>>>>>
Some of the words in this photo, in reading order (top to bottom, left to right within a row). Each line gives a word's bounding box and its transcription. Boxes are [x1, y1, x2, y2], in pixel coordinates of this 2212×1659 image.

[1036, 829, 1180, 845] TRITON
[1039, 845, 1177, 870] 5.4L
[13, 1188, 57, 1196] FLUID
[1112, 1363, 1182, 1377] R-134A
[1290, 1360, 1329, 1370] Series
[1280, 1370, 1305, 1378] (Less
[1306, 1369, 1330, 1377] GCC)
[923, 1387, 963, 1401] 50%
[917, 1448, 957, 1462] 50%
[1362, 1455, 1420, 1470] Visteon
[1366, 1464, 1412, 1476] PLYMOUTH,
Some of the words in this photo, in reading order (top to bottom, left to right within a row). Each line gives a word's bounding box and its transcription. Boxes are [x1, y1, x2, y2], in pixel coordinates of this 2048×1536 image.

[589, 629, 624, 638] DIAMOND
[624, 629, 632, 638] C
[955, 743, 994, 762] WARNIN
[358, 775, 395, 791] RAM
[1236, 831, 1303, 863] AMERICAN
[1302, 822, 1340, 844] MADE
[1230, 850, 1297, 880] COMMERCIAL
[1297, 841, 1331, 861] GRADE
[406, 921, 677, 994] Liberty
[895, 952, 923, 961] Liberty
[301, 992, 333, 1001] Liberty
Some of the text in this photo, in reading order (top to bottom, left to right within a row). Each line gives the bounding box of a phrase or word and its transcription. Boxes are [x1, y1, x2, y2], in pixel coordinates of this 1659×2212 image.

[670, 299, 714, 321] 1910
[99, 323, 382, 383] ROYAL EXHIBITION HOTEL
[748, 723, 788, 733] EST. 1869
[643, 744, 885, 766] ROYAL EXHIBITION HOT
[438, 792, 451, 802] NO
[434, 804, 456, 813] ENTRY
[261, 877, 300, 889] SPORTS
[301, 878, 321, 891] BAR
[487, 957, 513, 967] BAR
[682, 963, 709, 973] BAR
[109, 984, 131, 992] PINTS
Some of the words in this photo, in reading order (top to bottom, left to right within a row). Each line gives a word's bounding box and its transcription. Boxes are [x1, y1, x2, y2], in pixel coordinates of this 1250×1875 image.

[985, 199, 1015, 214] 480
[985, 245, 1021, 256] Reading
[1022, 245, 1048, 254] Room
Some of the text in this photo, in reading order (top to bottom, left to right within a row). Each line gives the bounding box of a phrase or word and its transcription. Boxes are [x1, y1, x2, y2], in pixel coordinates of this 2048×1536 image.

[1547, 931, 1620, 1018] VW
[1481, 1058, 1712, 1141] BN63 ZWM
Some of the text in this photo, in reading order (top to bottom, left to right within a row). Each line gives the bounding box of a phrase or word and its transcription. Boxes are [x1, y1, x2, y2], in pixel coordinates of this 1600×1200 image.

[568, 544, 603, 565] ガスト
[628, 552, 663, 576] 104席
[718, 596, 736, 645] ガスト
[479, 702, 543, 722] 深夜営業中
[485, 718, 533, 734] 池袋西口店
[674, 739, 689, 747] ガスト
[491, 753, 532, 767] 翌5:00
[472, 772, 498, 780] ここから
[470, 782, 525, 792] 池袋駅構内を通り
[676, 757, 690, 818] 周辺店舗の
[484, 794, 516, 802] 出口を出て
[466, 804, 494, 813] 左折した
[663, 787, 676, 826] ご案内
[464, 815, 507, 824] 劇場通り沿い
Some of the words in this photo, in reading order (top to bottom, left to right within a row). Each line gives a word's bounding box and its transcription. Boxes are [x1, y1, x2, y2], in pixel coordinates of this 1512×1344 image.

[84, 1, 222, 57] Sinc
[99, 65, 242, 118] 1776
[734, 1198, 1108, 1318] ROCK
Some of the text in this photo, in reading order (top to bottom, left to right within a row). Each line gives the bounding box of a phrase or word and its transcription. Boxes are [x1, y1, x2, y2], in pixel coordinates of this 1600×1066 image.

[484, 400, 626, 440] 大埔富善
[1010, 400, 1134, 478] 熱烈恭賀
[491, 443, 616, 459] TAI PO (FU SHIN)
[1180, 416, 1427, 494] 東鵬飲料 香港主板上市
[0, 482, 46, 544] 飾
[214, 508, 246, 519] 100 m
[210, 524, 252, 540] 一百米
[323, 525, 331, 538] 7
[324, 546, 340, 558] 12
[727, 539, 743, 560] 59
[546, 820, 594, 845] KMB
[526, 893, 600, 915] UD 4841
<<<<<
**Task brief**: Output the line holding "this 1600×1066 image.", then every later line through the end of the records above, exactly as given and nothing else.

**Output below**:
Some of the text in this photo, in reading order (top to bottom, left to right within a row). Each line gives the bounding box of a phrase or word and its transcription. Boxes are [x1, y1, x2, y2], in pixel coordinates of this 1600×1066 image.

[484, 400, 626, 440] 大埔富善
[1010, 400, 1134, 478] 熱烈恭賀
[491, 443, 616, 459] TAI PO (FU SHIN)
[1180, 416, 1427, 494] 東鵬飲料 香港主板上市
[0, 482, 46, 544] 飾
[214, 508, 246, 519] 100 m
[210, 524, 252, 540] 一百米
[323, 525, 331, 538] 7
[324, 546, 340, 558] 12
[727, 539, 743, 560] 59
[546, 820, 594, 845] KMB
[526, 893, 600, 915] UD 4841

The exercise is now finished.